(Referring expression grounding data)
━━━━━━

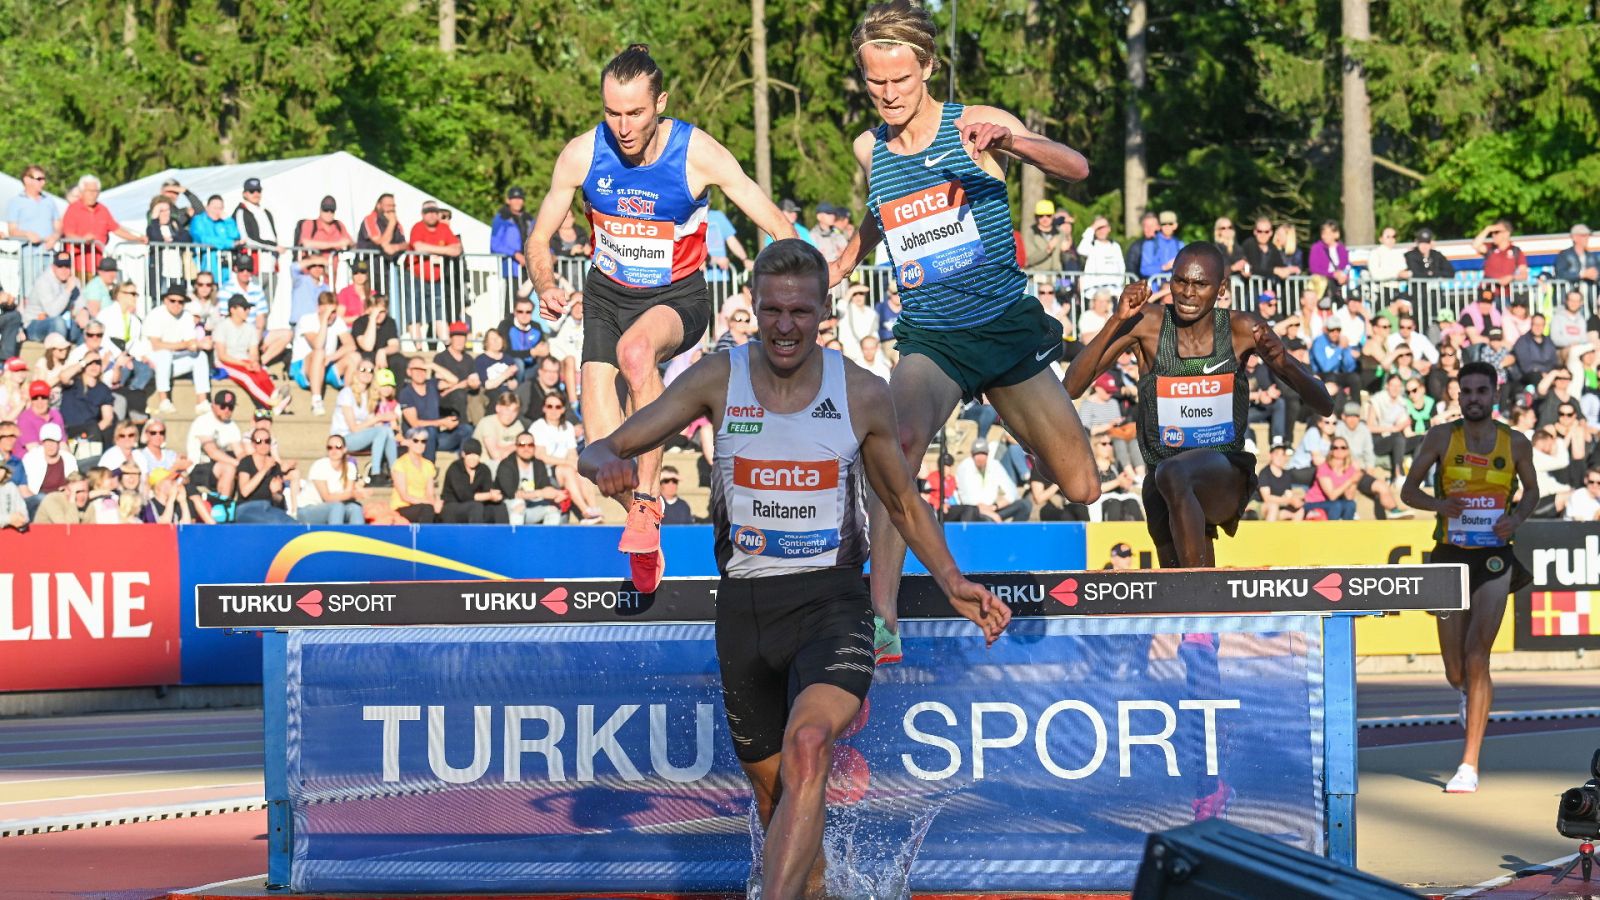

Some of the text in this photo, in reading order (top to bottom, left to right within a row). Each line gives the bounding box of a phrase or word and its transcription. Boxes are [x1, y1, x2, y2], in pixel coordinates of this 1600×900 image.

[627, 189, 659, 200] STEPHENS
[617, 196, 656, 216] SSH
[894, 192, 949, 223] renta
[604, 220, 658, 236] renta
[901, 221, 964, 251] Johansson
[600, 234, 665, 260] Buckingham
[931, 249, 974, 269] Continental
[955, 257, 973, 269] Gold
[902, 266, 921, 281] PNG
[1170, 379, 1221, 396] renta
[727, 404, 765, 418] renta
[811, 410, 842, 420] adidas
[1180, 405, 1213, 418] Kones
[730, 423, 760, 433] FEELIA
[1192, 428, 1226, 440] Continental
[1164, 432, 1182, 441] PNG
[751, 466, 820, 487] renta
[753, 500, 816, 519] Raitanen
[1460, 496, 1496, 508] enta
[1461, 514, 1492, 525] Boutera
[737, 533, 763, 547] PNG
[778, 538, 826, 547] Continental
[782, 546, 822, 555] Tour Gold
[986, 581, 1157, 603] RKU SPORT
[1227, 576, 1424, 598] TURKU SPORT
[0, 572, 153, 640] LINE
[219, 594, 396, 613] TURKU SPORT
[461, 591, 642, 611] TURKU SPORT
[363, 699, 1240, 784] TURKU SPORT

━━━━━━

• **DESCRIPTION OF THE TASK**: Repeat the records in full, exactly as they appear, but with the pictures removed.

• **ANSWER TO THE EXERCISE**:
Some of the text in this photo, in reading order (top to bottom, left to right within a row). Each line gives the bounding box of a phrase or word and its transcription. Boxes are [x1, y1, x2, y2], in pixel coordinates of this 1600×900 image.

[627, 189, 659, 200] STEPHENS
[617, 196, 656, 216] SSH
[894, 192, 949, 223] renta
[604, 220, 658, 236] renta
[901, 221, 964, 251] Johansson
[600, 234, 665, 260] Buckingham
[931, 249, 974, 269] Continental
[955, 257, 973, 269] Gold
[902, 266, 921, 281] PNG
[1170, 379, 1221, 396] renta
[727, 404, 765, 418] renta
[811, 410, 842, 420] adidas
[1180, 405, 1213, 418] Kones
[730, 423, 760, 433] FEELIA
[1192, 428, 1226, 440] Continental
[1164, 432, 1182, 441] PNG
[751, 466, 820, 487] renta
[753, 500, 816, 519] Raitanen
[1460, 496, 1496, 508] enta
[1461, 514, 1492, 525] Boutera
[737, 533, 763, 547] PNG
[778, 538, 826, 547] Continental
[782, 546, 822, 555] Tour Gold
[986, 581, 1157, 603] RKU SPORT
[1227, 576, 1424, 598] TURKU SPORT
[0, 572, 153, 640] LINE
[219, 594, 396, 613] TURKU SPORT
[461, 591, 642, 611] TURKU SPORT
[363, 699, 1240, 784] TURKU SPORT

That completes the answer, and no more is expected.